PRIMERO.-Que por el Juzgado de lo Penal se dictó sentencia con fecha 22 de mayo de 2017 cuyo fallo es como sigue: '...Que debo condenar y condeno a Andrea Y Emiliano, como autores criminalmente responsables de delito de hurto del artículo 234 del Código penal, sin circunstancias modificativas, a la pena de PRISIÓN DE SEIS MESES, con la accesoria de inhabilitación especial para el derecho de sufragio pasivo durante el tiempo de la condena, y abono de costas procesales por mitad...'.

SEGUNDO. -Contra dicha sentencia se interpuso en tiempo y forma recurso de apelación por la representación procesal de Andrea y Emiliano que fue admitido a trámite. Remitidos los autos a esta Audiencia, procede dictar sentencia conforme a lo dispuesto en el artículo 792 de la Ley de Enjuiciamiento Criminal.

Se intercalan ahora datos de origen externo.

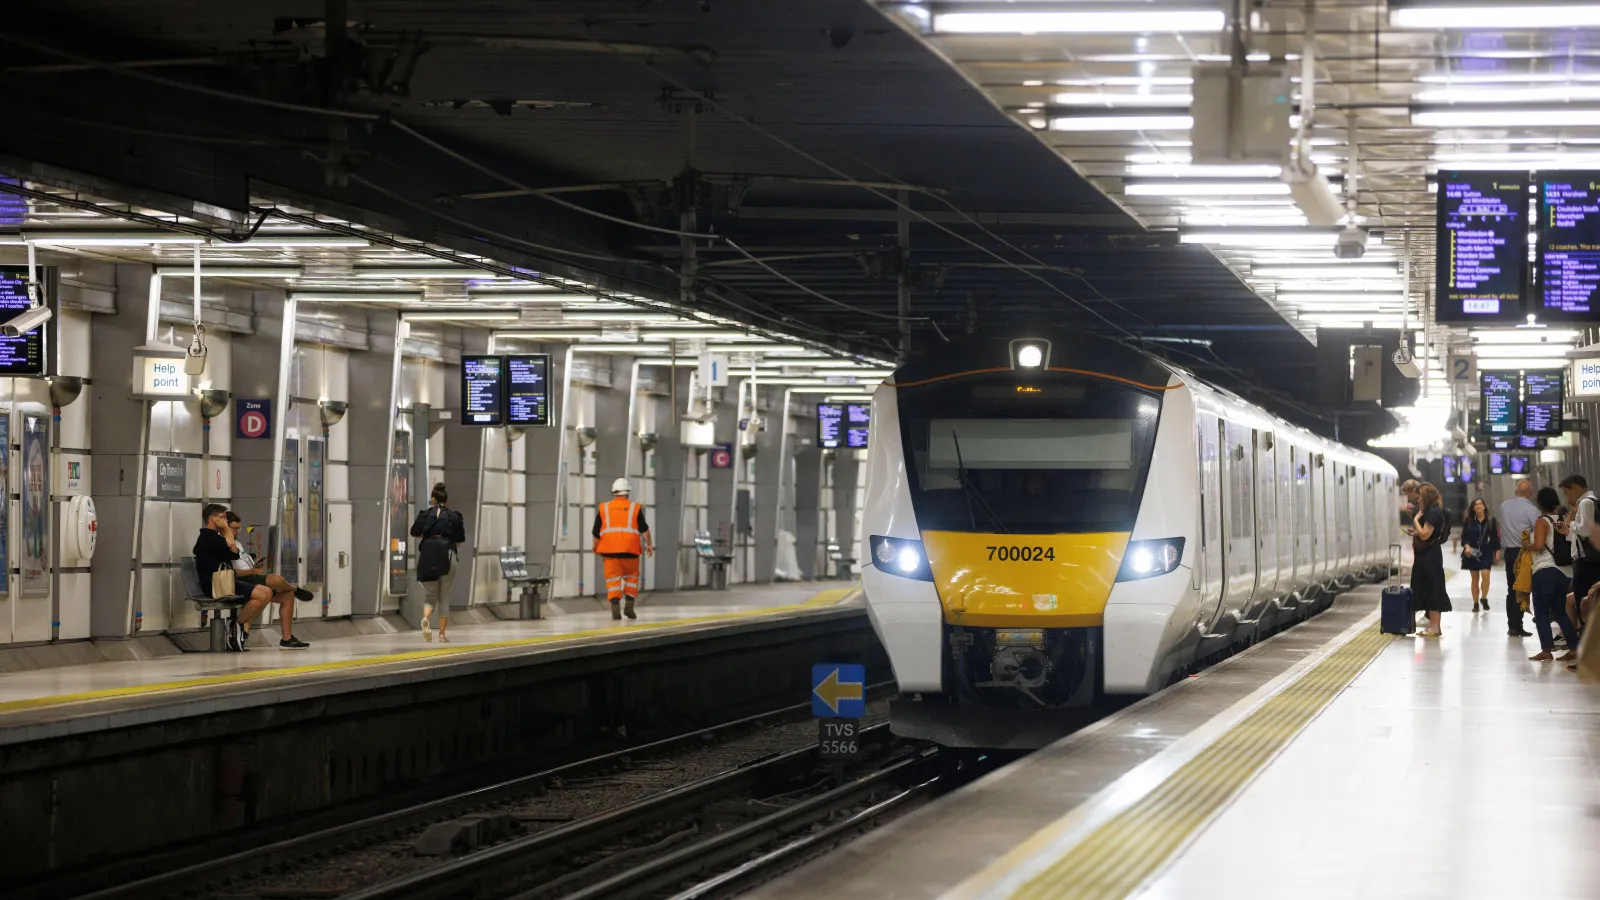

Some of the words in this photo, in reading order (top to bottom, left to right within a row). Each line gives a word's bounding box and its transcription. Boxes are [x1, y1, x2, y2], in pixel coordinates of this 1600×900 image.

[1589, 181, 1595, 190] 6
[154, 363, 175, 374] Help
[712, 360, 717, 381] 1
[1454, 358, 1469, 379] 2
[1582, 363, 1600, 375] Help
[154, 378, 178, 388] point
[1582, 377, 1600, 390] poin
[247, 415, 261, 432] D
[716, 453, 726, 464] C
[986, 546, 1055, 561] 700024
[825, 723, 853, 736] TVS
[822, 741, 857, 753] 5566

Se acepta la declaración de Hechos Probados de la sentencia apelada:

'...Que sobre las 22:20 horas del día 14 de febrero de 2017, Emiliano Y Andrea, ambos mayores de edad y con antecedentes penales no computables en esta causa a efectos de reincidencia el primero y sin ellos la segunda, puestos de común acuerdo y con ánimo de obtener un ilícito beneficio, se dirigieron al establecimiento comercial El Corte Inglés sito en la Plaza del Duque de Sevilla y cogieron unas zapatillas marca Michael Kors cuyo valor asciende a 87,50 euros sin abonarlas y las introdujeron en el vehículo que tenían estacionado en el parking. Posteriormente, los acusados guiados con el mismo propósito volvieron a entrar en el Corte Inglés y cogieron varios perfumes introduciéndolos en una bolsa, saliendo del establecimiento sin abonar su importe que ascendía a 419.36 euros...'.


Fundamentos

PRIMERO.-Cuestiona los recurrentes Andrea Y Emiliano error en la valoración de la prueba, en cuanto que recurre la valoración de los efectos sustraídos y respecto de la exclusión del IVA, en la valoración del importe de los efectos sustraídos.

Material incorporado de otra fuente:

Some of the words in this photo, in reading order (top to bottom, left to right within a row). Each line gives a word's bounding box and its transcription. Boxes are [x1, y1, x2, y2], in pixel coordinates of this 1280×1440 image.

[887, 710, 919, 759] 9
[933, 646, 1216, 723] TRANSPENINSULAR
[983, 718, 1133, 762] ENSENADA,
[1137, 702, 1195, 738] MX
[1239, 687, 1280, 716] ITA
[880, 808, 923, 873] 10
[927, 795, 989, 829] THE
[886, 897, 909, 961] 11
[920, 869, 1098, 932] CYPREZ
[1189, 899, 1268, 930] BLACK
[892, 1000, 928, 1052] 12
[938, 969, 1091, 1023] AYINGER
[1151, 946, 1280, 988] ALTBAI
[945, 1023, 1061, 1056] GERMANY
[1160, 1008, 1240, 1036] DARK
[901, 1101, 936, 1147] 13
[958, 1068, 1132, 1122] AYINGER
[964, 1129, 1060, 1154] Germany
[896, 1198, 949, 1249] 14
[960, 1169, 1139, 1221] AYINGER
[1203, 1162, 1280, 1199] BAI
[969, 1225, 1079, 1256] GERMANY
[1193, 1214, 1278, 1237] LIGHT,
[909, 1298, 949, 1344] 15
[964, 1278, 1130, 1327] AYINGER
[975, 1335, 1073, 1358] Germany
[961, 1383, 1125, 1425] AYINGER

Con ello la recurrente viene a cuestionar la valoración de las pruebas personales practicadas en el acto del juicio, en especial la del testigo vigilante de seguridad y el agente de la Policía Nacional, y la indebida aplicación en la sentencia de instancia del artículo 365.2 de la L.E.Crim., al entender que la Juez de lo Penal, debió de descontar el importe del IVA, del precio de venta al público de los efectos, que se expresa en el ticket de caja aportado por el establecimiento comercial, lo que haría que los hechos fuesen calificados de delito leve de hurto en grado de tentativa.

Con respecto a la presunción de inocencia es necesario recordar, como señala la STS 862/2015, de 22 de diciembre, que '... la alegada garantía de presunción de inocencia presupone el pleno acomodo de la actividad probatoria a las exigencias del derecho también constitucional a un proceso con todas las garantías. Es decir, no solamente a la existencia de una actividad probatoria de cargo, sino a su validez por haber sido lícitamente obtenida y practicada en juicio oral conforme a los principios de inmediación, contradicción y publicidad.

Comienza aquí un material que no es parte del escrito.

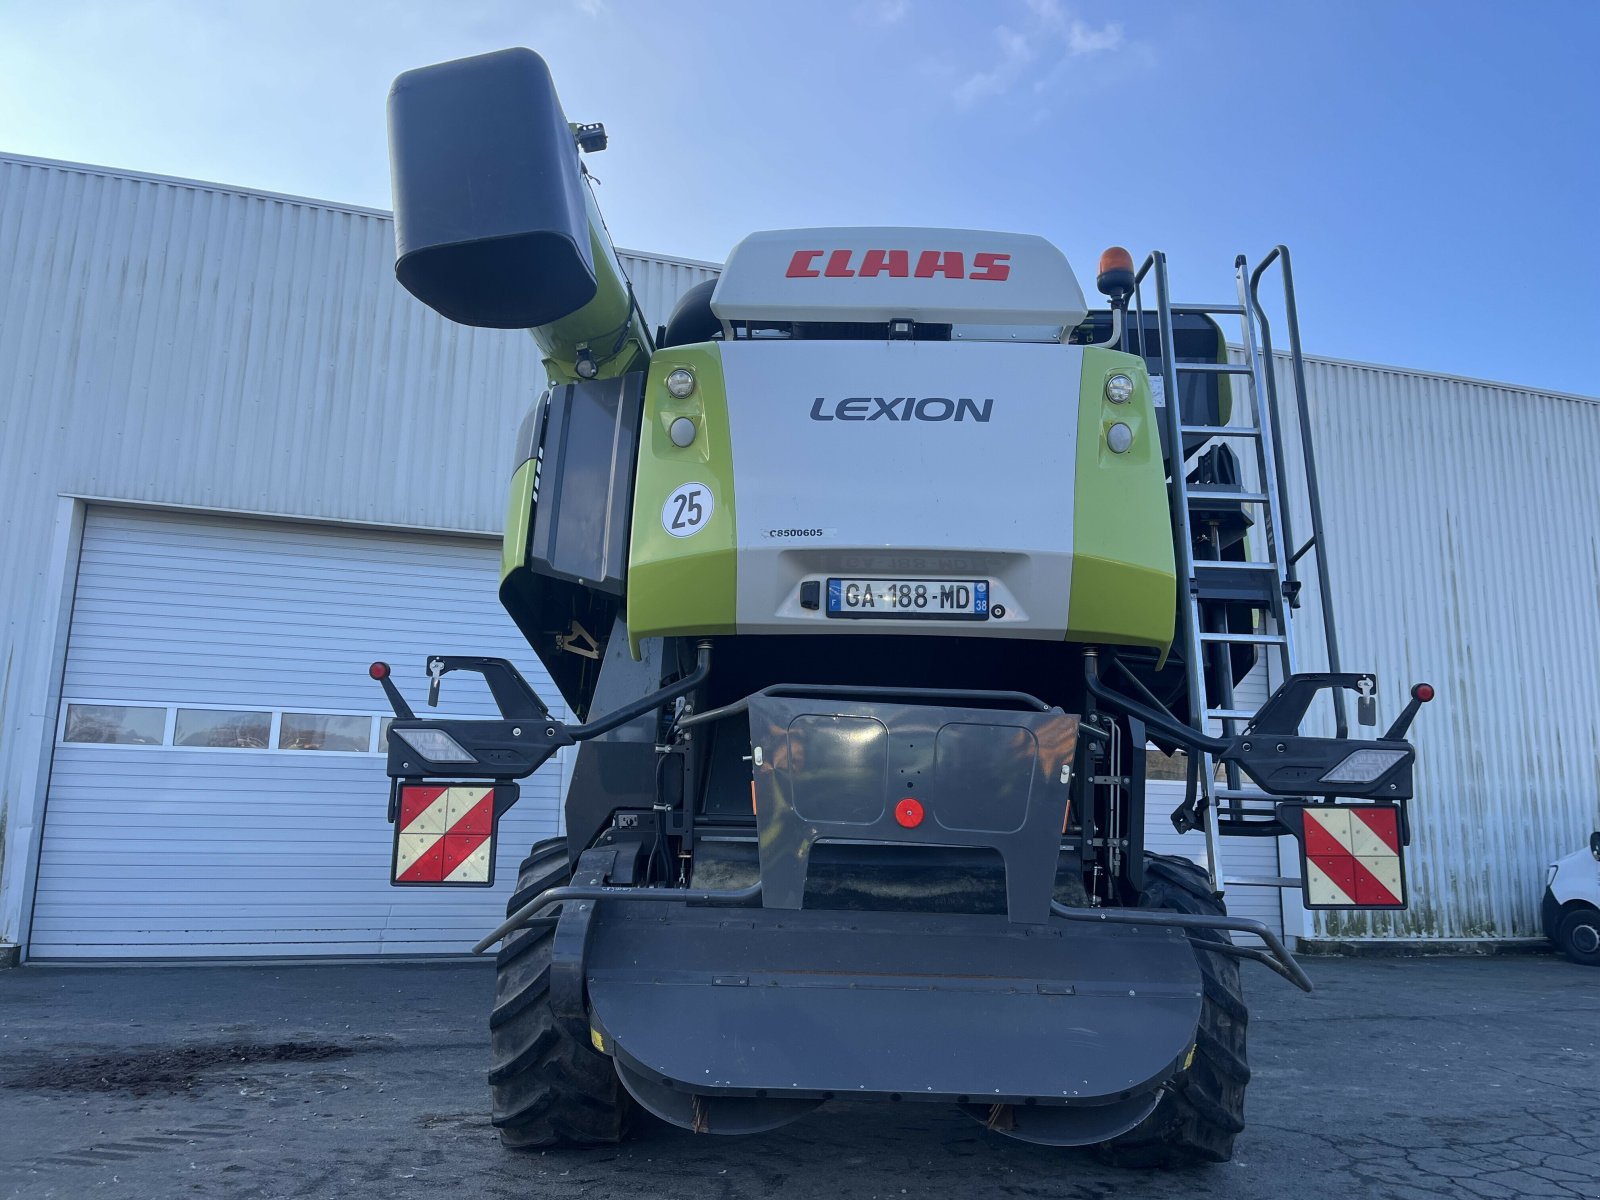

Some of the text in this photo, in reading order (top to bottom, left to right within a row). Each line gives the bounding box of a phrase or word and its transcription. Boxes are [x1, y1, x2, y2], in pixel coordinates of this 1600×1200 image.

[785, 250, 1011, 281] CLAAS
[809, 397, 994, 423] LEXION
[671, 490, 703, 530] 25
[769, 529, 823, 537] C8500605
[831, 599, 837, 607] F
[845, 583, 970, 609] GA-188-MD
[975, 600, 987, 611] 38

Constatada la existencia de ésta, el juicio de su valoración por la instancia ha de venir revestida de razonabilidad, en el establecimiento de los hechos que externamente la justifican, y de coherencia, conforme a lógica y experiencia de las inferencias expresadas a partir de aquéllos, en particular cuando la imputación se funda en hechos indiciarios. A lo que ha de añadirse que la inferencia sea concluyente, en cuanto excluye alternativas fundadas en razones objetivas razonables.

Para el control de tal condición ha de acudirse a la motivación expuesta por el órgano jurisdiccional que decide la condena cuestionada. No solamente para determinar que ha sido satisfecho el presupuesto de respeto al derecho a la tutela judicial, sino para, más allá de la elemental argumentación exigible por tal garantía, poder establecer si las concretas razones de la decisión jurisdiccional ponen de manifiesto que la certeza de quien la impone se adecua a aquellas exigencias.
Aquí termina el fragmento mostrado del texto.